- Nationality: French
- Born: 7 July 1976 (age 49) Paris, Île-de-France, France

All-Japan Formula Three Championship career
- Debut season: 2015
- Current team: FSC Motorsport
- Car number: 18
- Starts: 11
- Best finish: 4th in 2015

Previous series
- 2015 2013-14: Asian Formula Renault Series TCR International Series

Championship titles
- 2014: Asian Formula Renault Series

= Guillaume Cunnington =

French racing driver

Guillaume Cunnington (born 7 July 1976) is a French racing driver who competed in the TCR International Series, the All-Japan Formula Three Championship with FSC Motorsport. and the Asian Formula Renault Series, where he won the Masters Class in 2014.

==Racing career==
Cunnington began his career in 2013 in the Asian Formula Renault Series, winning the Masters Class in 2014. In 2015, he raced in the All-Japan Formula Three Championship national class with the FSC Motorsport team founded by Antoine Malin. The team was powered by TOM'S Racing. In his first season, he finished sixth in the national class standings, with a best overall finish of fourth in Sugo.

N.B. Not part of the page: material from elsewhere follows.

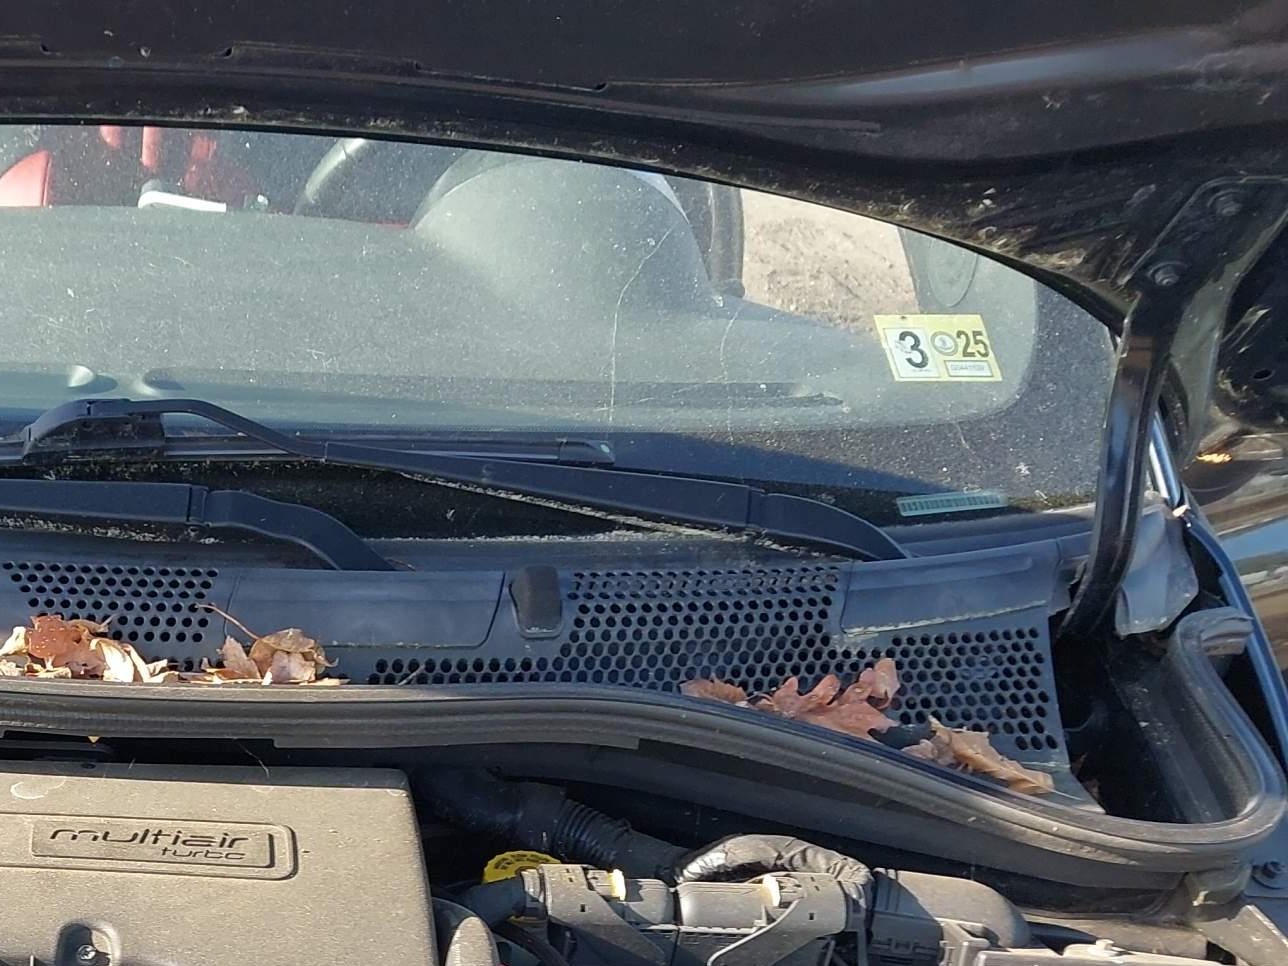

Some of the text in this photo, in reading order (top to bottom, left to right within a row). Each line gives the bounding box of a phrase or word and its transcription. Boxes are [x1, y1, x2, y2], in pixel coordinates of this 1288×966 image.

[898, 330, 990, 368] 3 25
[49, 828, 249, 849] multiair
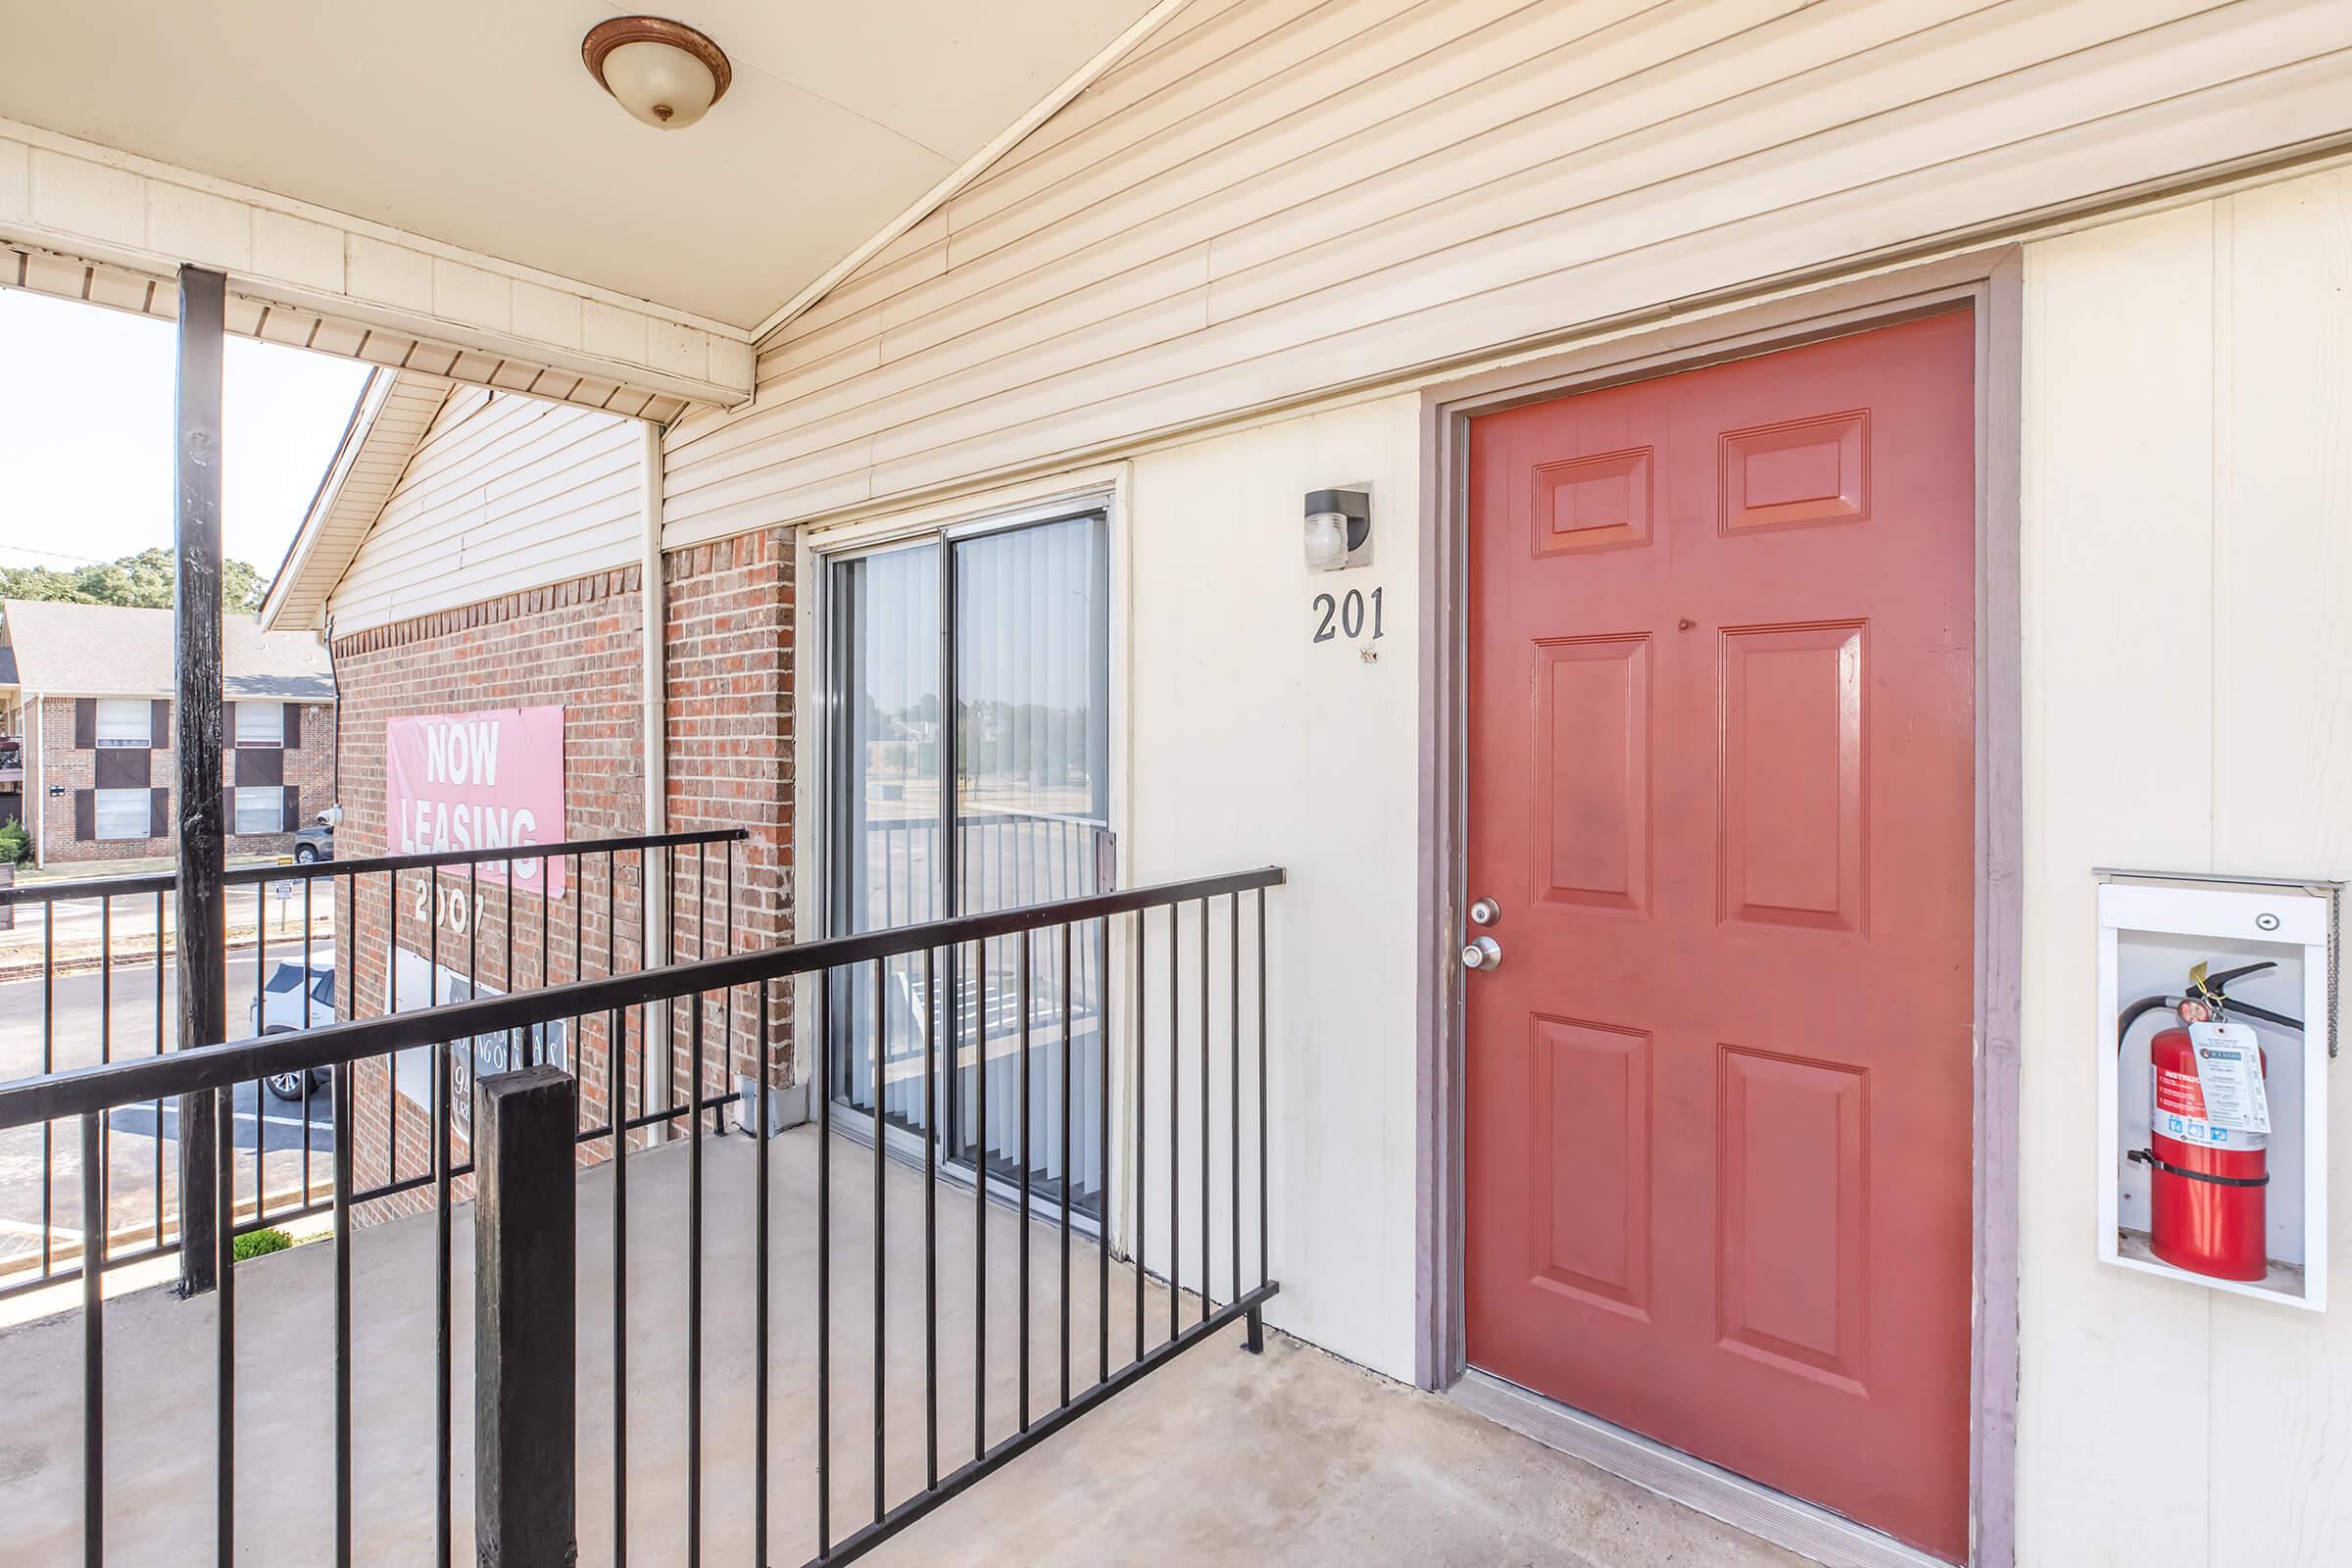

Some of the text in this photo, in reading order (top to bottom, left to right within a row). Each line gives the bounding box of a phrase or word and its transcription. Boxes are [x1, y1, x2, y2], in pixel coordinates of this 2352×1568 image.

In November 2015, Cunnington raced in the TCR International Series, driving a SEAT León Cup Racer for Liqui Moly Team Engstler. at the famed Circuito da Guia in Macau, where he finished 17th in the first race before retiring in the second. As of 2017, that was his last professional race.

==Racing record==

===Complete TCR International Series results===
(key) (Races in bold indicate pole position) (Races in italics indicate fastest lap)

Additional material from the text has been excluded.